A parent process launches a child process and communicates with it through the child's stdin and stdout line-by-line. If I run it, I get:

$ python parent.py 
Parent writes to child:  a
Response from the child: A

Parent writes to child:  b
Response from the child: B

Parent writes to child:  c
Response from the child: C

Parent writes to child:  d
Response from the child: D

Parent writes to child:  e
Response from the child: E

Waiting for the child to terminate...
Done!
$

parent.py

from __future__ import print_function
from subprocess import Popen, PIPE
import os

child = Popen('./child.py', stdin=PIPE, stdout=PIPE)
child_stdin  = os.fdopen(os.dup(child.stdin.fileno()), 'w')
child_stdout = os.fdopen(os.dup(child.stdout.fileno()))

for letter in 'abcde':
    print('Parent writes to child: ', letter)
    child_stdin.write(letter+'\n')
    child_stdin.flush()
    response = child_stdout.readline()
    print('Response from the child:', response)
    assert response.rstrip() == letter.upper(), 'Wrong response'

child_stdin.write('quit\n')
child_stdin.flush()
print('Waiting for the child to terminate...')
child.wait()
print('Done!')

child.py, must be executable!

#!/usr/bin/env python
from __future__ import print_function
from sys import stdin, stdout

while True:
    line = stdin.readline()
    if line == 'quit\n':
        quit()
    stdout.write(line.upper())
    stdout.flush()

The desired setup and a hackish solution

Neither the parent's source file nor the child's source file can be edited; it is not allowed.

I rename the child.py to child_original.py (and make it executable). Then, I put a bash script (a proxy or a middle man if you wish) called child.py, start the child_original.py myself before running python parent.py and have the parent.py call the fake child.py which is now my bash script, forwarding between the parent.py and the child_original.py.

The fake child.py

#!/bin/bash
parent=$$
cat std_out &
(head -n 1 shutdown; kill -9 $parent) &
cat >>std_in

The start_child.sh to start child_original.py before executing the parent:

#!/bin/bash
rm -f  std_in std_out shutdown
mkfifo std_in std_out shutdown
./child_original.py <std_in >std_out
echo >shutdown
sleep 1s
rm -f  std_in std_out shutdown

The way of executing them:

$ ./start_child.sh & 
[1] 7503
$ python parent.py 
Parent writes to child:  a
Response from the child: A

Parent writes to child:  b
Response from the child: B

Parent writes to child:  c
Response from the child: C

Parent writes to child:  d
Response from the child: D

Parent writes to child:  e
Response from the child: E

Waiting for the child to terminate...
Done!
$ echo 

[1]+  Done                    ./start_child.sh
$

This hackish solution works. As far as I know, it does not meet the line buffered requirement and there is an extra shutdown fifo to inform the start_child.sh that child_original.py has closed the pipes and start_child.sh can safely exit.

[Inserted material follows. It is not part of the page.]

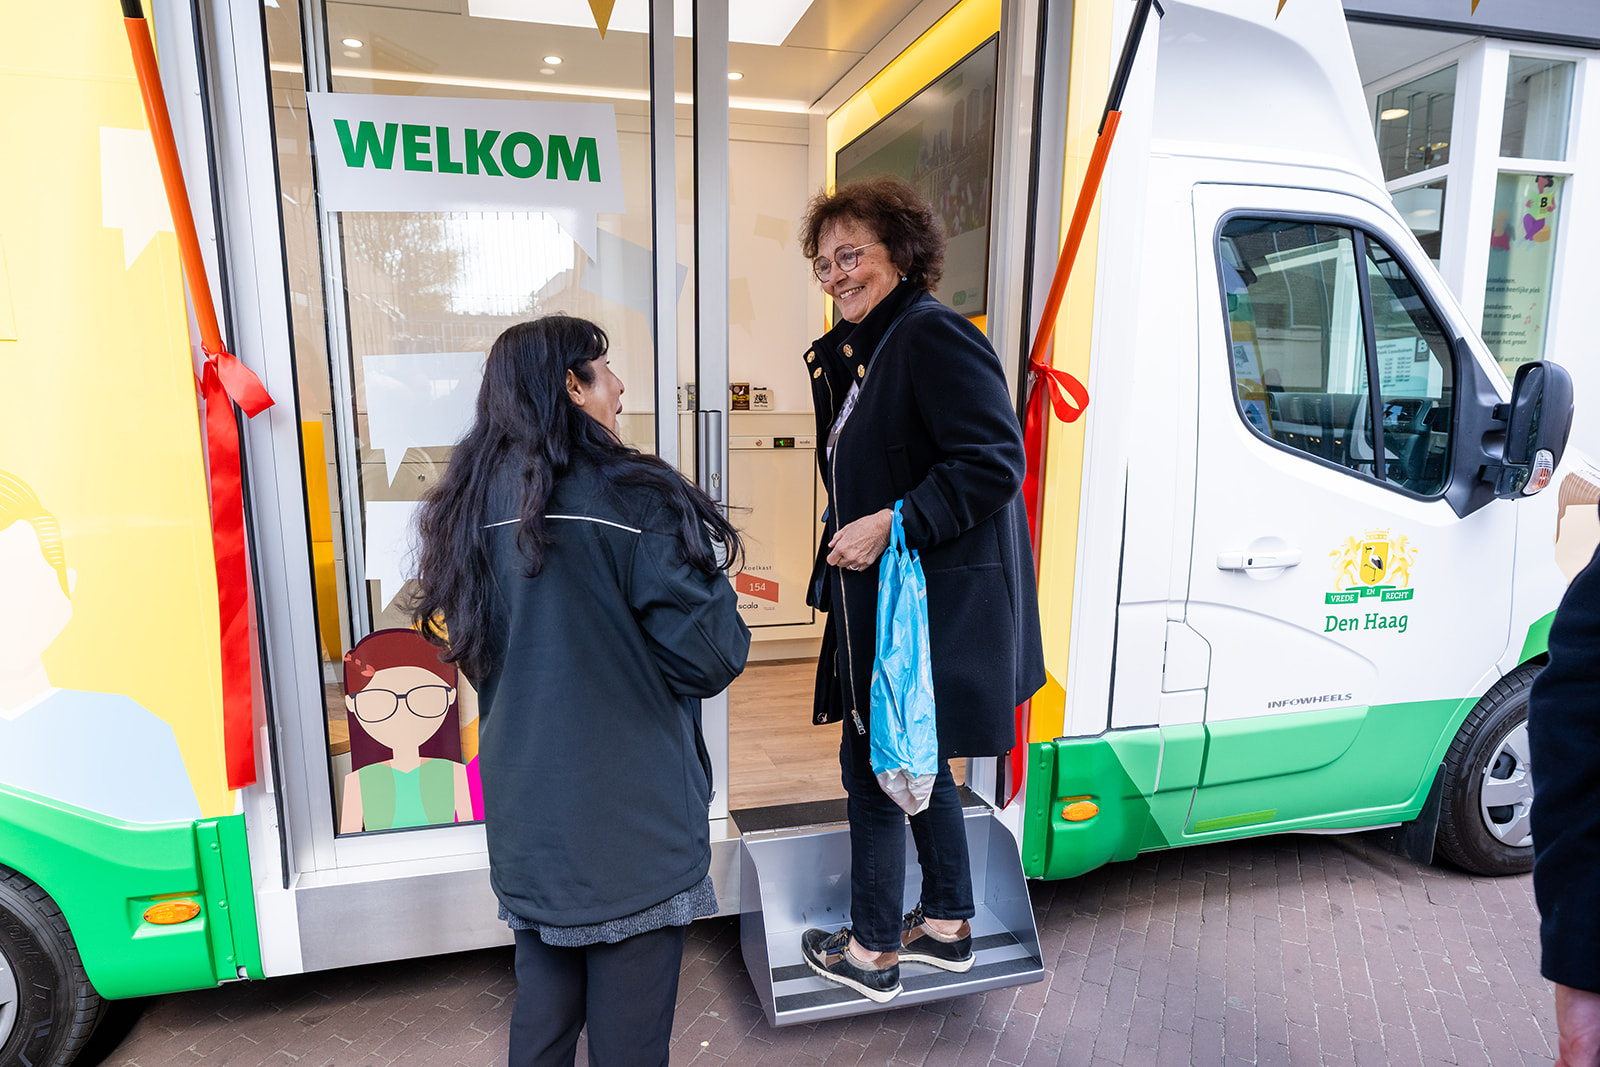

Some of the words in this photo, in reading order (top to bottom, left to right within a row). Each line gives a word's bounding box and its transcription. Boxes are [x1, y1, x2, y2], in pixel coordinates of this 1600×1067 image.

The question asks for an improved fake child.py bash script, meeting the requirements (line buffered, exits when the child_original.py closes any of the pipes, does not require an extra shutdown pipe).

Stuff I wish I had known:

If a high-level API is used for opening a fifo as a file, it must be opened for both reading and writing, otherwise the call to open already blocks. This is incredibly counter-intuitive. See also Why does a read-only open of a named pipe block?
In reality, my parent process is a Java application. If you work with an external process from Java, read the stdout and stderr of the external process from daemon threads (call setDamon(true) on those threads before starting them). Otherwise, the JVM will hang forever, even if everybody is done. Although unrelated to the question, other pitfalls include: Navigate yourself around pitfalls related to the Runtime.exec() method.
Apparently, unbuffered means buffered, but we don't wait until the buffer gets full but flush it as soon as we can.

Best Answer

If you get rid of the killing and shutdown stuff (which is unsafe and you may, in an extreme, but not unfathomable case when child.py dies before the (head -n 1 shutdown; kill -9 $parent) & subshell does end up kill -9ing some innocent process), then child.py won't be terminating because your parent.py isn't behaving like a good UNIX citizen.

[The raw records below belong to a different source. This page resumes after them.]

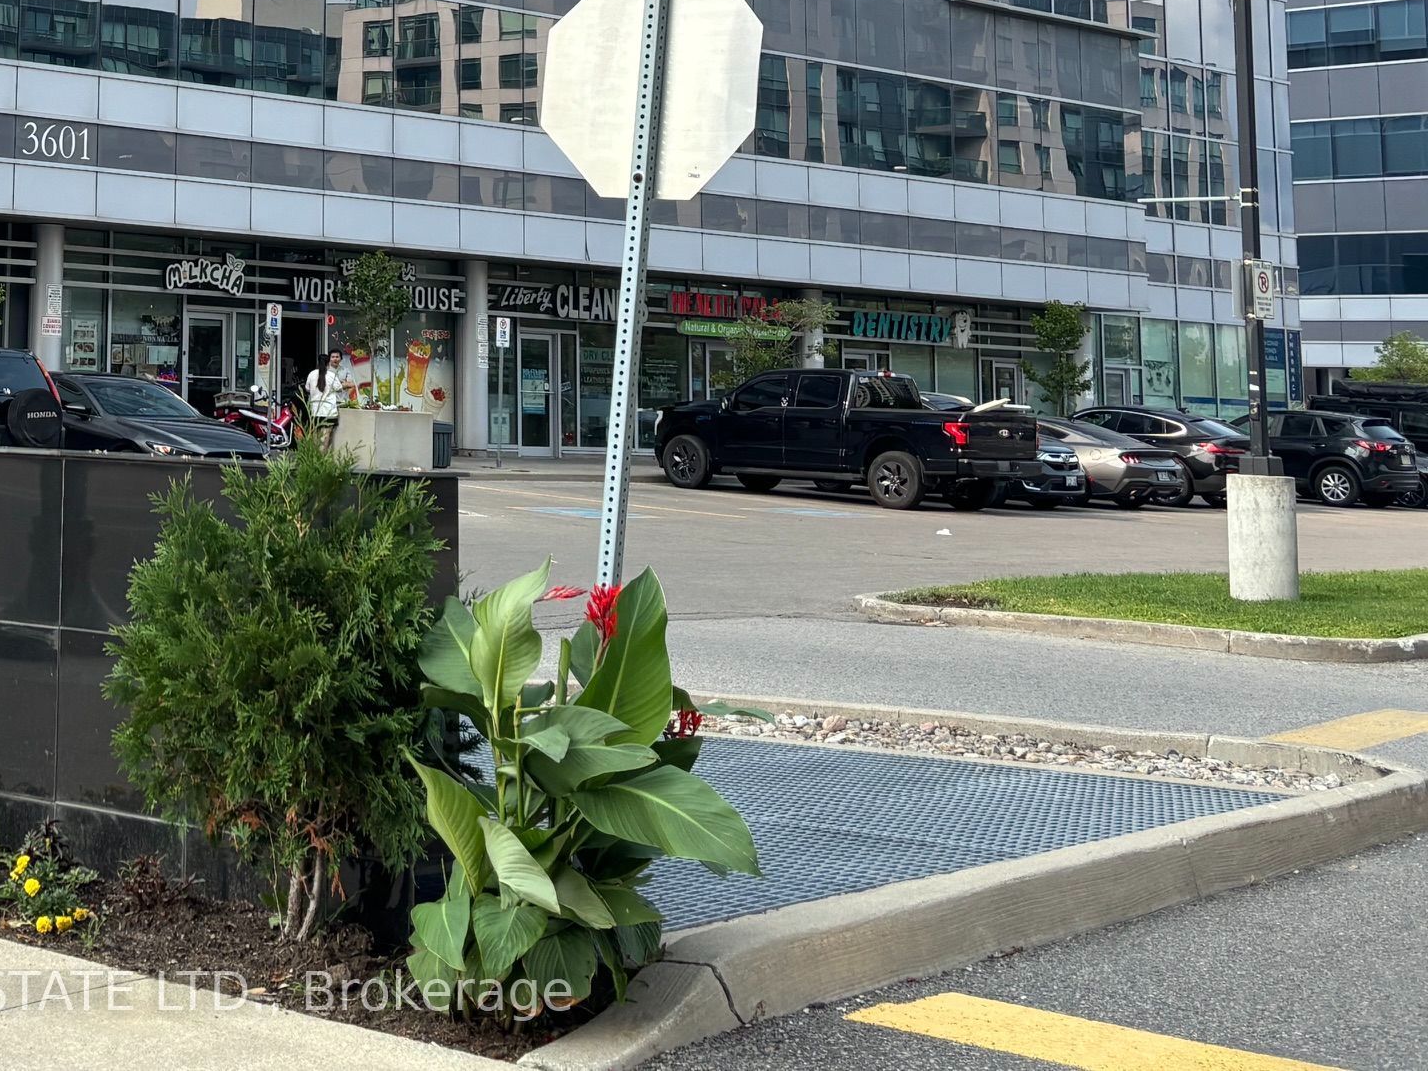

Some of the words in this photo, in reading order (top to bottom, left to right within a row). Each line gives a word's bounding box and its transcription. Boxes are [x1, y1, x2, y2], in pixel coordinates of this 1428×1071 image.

[22, 122, 90, 161] 3601
[500, 286, 553, 312] Liberty
[556, 284, 648, 323] CLEAN
[672, 291, 735, 318] HEALTH
[853, 311, 952, 343] DENTISTRY
[27, 411, 58, 419] HONDA
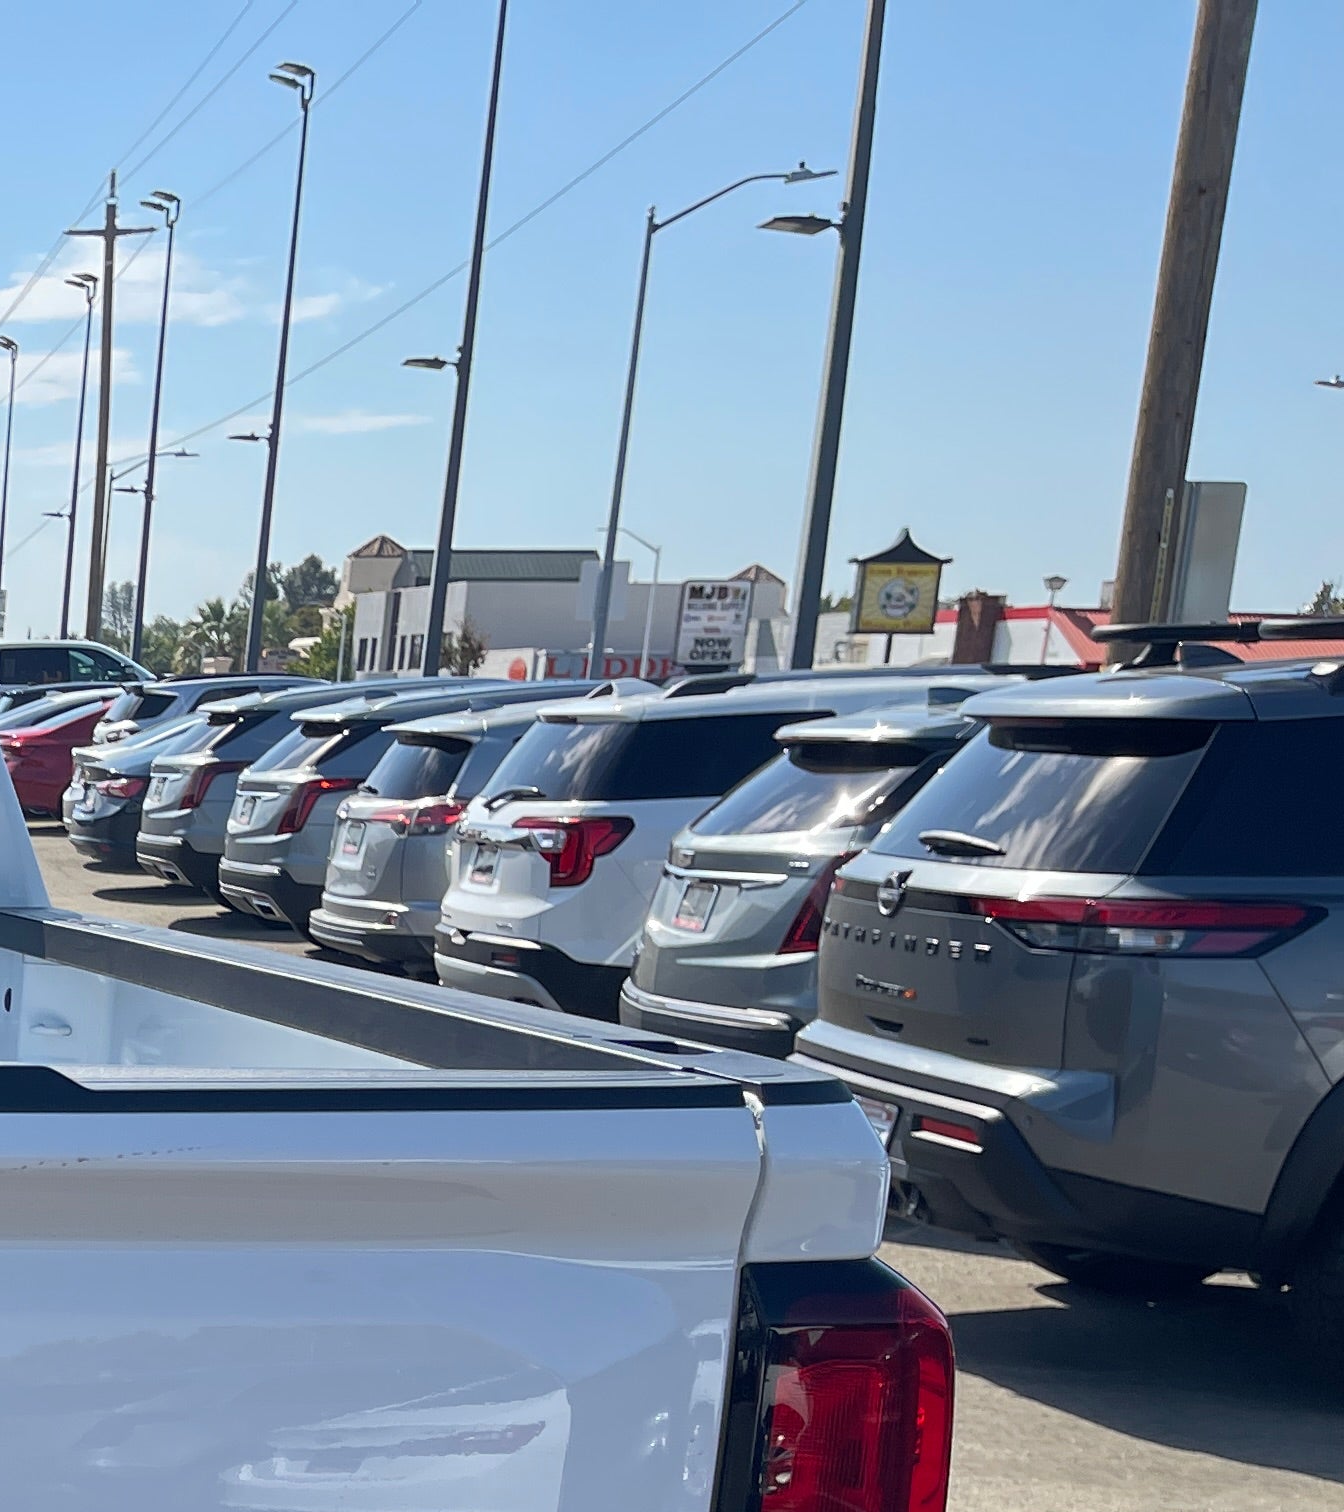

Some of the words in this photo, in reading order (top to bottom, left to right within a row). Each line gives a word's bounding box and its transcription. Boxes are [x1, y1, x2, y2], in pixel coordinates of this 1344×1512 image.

[695, 638, 732, 648] NOW
[690, 650, 732, 661] OPEN
[824, 917, 993, 963] PATHFINDER

The cat std_out & subprocess will have finished by the time you send the quit message, because the writer to std_out is child_original.py, which finishes upon receiving quit at which moment it closes its stdout, which is the std_out pipe and that close will make the cat subprocess finish.

The cat > std_in isn't finishing because it's reading from a pipe originating in the parent.py process and the parent.py process didn't bother to close that pipe. If it did, cat > stdin_in and consequently the whole child.py would finish by itself and you wouldn't need the shutdown pipe or the killing part (killing a process that isn't your child on UNIX is always a potential security hole if a race condition caused due to rapid PID recycling should occur).

Processes at the right end of a pipeline generally only finish once they're done reading their stdin, but since you're not closing that (child.stdin), you're implicitly telling the child process "wait, I have more input for you" and then you go kill it because it does wait for more input from you as it should.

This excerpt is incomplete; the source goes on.